Say I have a basic todo application - a reducer provides an array of todos. The view is a series of tabs with each todo's header on it. You can select a tab and that todo's edit view will appear below.
My first approach was to create another reducer that tracks the selected tab's ID (as "selected todo" in this case is UI state, I don't want to put it in the todo reducer's state). The reducer receives a "SELECT_TODO" action with the ID attached and updates accordingly. Then the view can render the tabs and the selected todo's edit view below. Pretty straightforward. A new todo could be selected automatically by the reducer listening for an ADD_TODO action and returning its ID.
What I'm stuck on is how to handle the user deleting the selected todo and having a new selected todo calculated automatically - I can have the "selected todo" reducer listen to a REMOVE_TODO action,
but in order to calculate a new value it needs access to the list of todos - it will try to select the next todo,
or the previous if the selected todo is at the end of the list.
Any suggestions on how to best structure things in this scenario? Since I'm new to redux it would be really helpful to get some advice - I have a few ideas that would technically work but I'm not sure if I'm on the right track or not.
Thanks.
I would handle this in an action creator using redux-thunk. You will have access to the whole state in your action creator. This allows you to either
a) fire two actions, one for removing one for setting the new selected id
b) fire a single action for removing with a new selected in in the payload.
In both cases you can randomly select a new item from your state in the action creator.
Thanks @johanneslumpe. I haven't been using redux-thunk, but when I read your answer mention using two actions I realised my real issue may actually be in the action creator stage - my actions are not passing all of the data the reducers require.
I can pass the existing list of todos to my add/remove todo action creators - it makes sense to me that a reducer would need to know where this data will ultimately be removed from or added to in order to calculate its result.
It does mean every add/remove todo view requires the current list of todos, but at least it's explicit where the data came from.
I can pass the existing list of todos to my add/remove todo action creators - it makes sense to me that a reducer would need to know where this data will ultimately be removed from or added to in order to calculate its result.
It’s best if you avoid passing large pieces of state as part of the actions. This creates a sort of “feedback loop” where it’s hard to trace where the data is coming from in case there is a mistake.
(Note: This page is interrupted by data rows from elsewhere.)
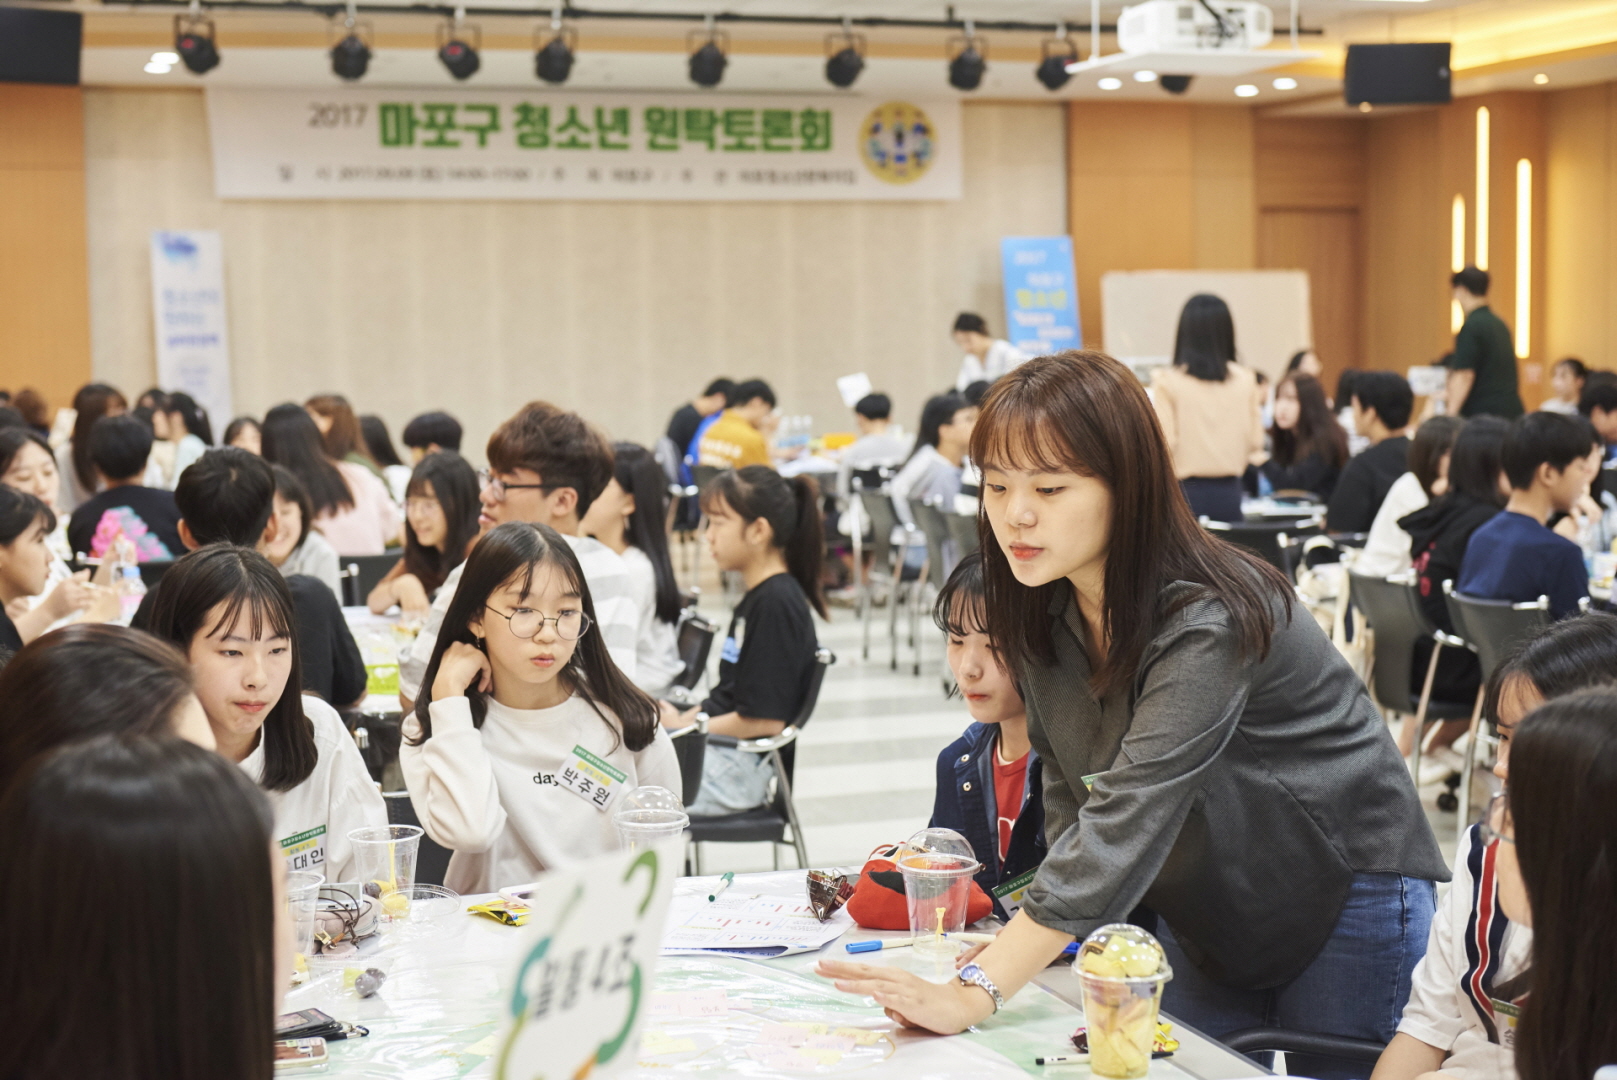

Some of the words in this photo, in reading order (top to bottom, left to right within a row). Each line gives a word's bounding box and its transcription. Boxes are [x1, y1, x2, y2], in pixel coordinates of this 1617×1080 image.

[306, 104, 368, 128] 2017
[379, 103, 501, 148] 마포구
[514, 102, 630, 150] 청소년
[644, 106, 832, 152] 원탁토론회
[562, 767, 610, 806] 박주원
I think that REMOVE_TODO including nextSelectedId is a good compromise. You let the view calculate it, and the view knows which one should be selected. For example, the view might apply some sorting or filtering to the results, so in this case in particular the view knows which one is to be selected better than the reducers can.
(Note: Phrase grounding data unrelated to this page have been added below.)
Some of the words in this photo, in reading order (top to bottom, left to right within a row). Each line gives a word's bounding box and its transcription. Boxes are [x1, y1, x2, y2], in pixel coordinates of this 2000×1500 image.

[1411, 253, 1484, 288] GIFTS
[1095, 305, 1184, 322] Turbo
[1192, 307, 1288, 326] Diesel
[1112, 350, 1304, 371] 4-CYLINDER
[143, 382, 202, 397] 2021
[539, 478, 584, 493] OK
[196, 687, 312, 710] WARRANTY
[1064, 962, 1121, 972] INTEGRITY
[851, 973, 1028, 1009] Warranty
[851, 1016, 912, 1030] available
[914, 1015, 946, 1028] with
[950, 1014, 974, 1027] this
Thank you @gaearon, that makes perfect sense.
I have a problem with a diferent kind of dependency:
I'm creating a hamburgers delivery shop.
In the shop I have ingredients and meals (meal consist of ingredients).
Every ingredient has a unique id.
A meal instance contains a list of ingredients ids (the ingredients it contains).
Therefore - I want to load the ingredients details before I load the meals (so I don't have problems when I try to display the meals at the menu page).
I need a way to fire LOAD_MEALS only after the ingredients reducer is done.
(dispatching LOAD_INGREDIENTS before dispatching LOAD_MEALS doesn't solve the problem because loading the ingredients might take longer than loading the meals).
How can I solve this problem?
@ELIYAHUT123 : That's a usage question, and should really be asked on Stack Overflow instead of this issues tracker.
That said, it sounds like you may be a bit confused. The reducer function call is 100% synchronous, so saying "the ingredients reducer is done" doesn't make sense. I _think_ what you mean is "after the ingredients have been loaded from the server".
But yeah, ask that on SO - you'll get more attention and a better response than here.
@markerikson: Maybe I wasn't clear enought.
I'll explain:
For reasons of efficiency I fetch all the data (the ingredients and the meals) together from the server.
If I were to dispatch FETCH_ALL_DATA and let both the ingredients and the meals redcers "listen" to this action (and update the store asynchronously) - I would run into problems when trying to display a meal that its ingredients are not loaded to the store yet (that's what I ment when I wrote "the ingredients reducer is done" - done loading the fetched ingredients to the store).
I will try SO as well, I just saw the title of this issue and thought my question is suitable.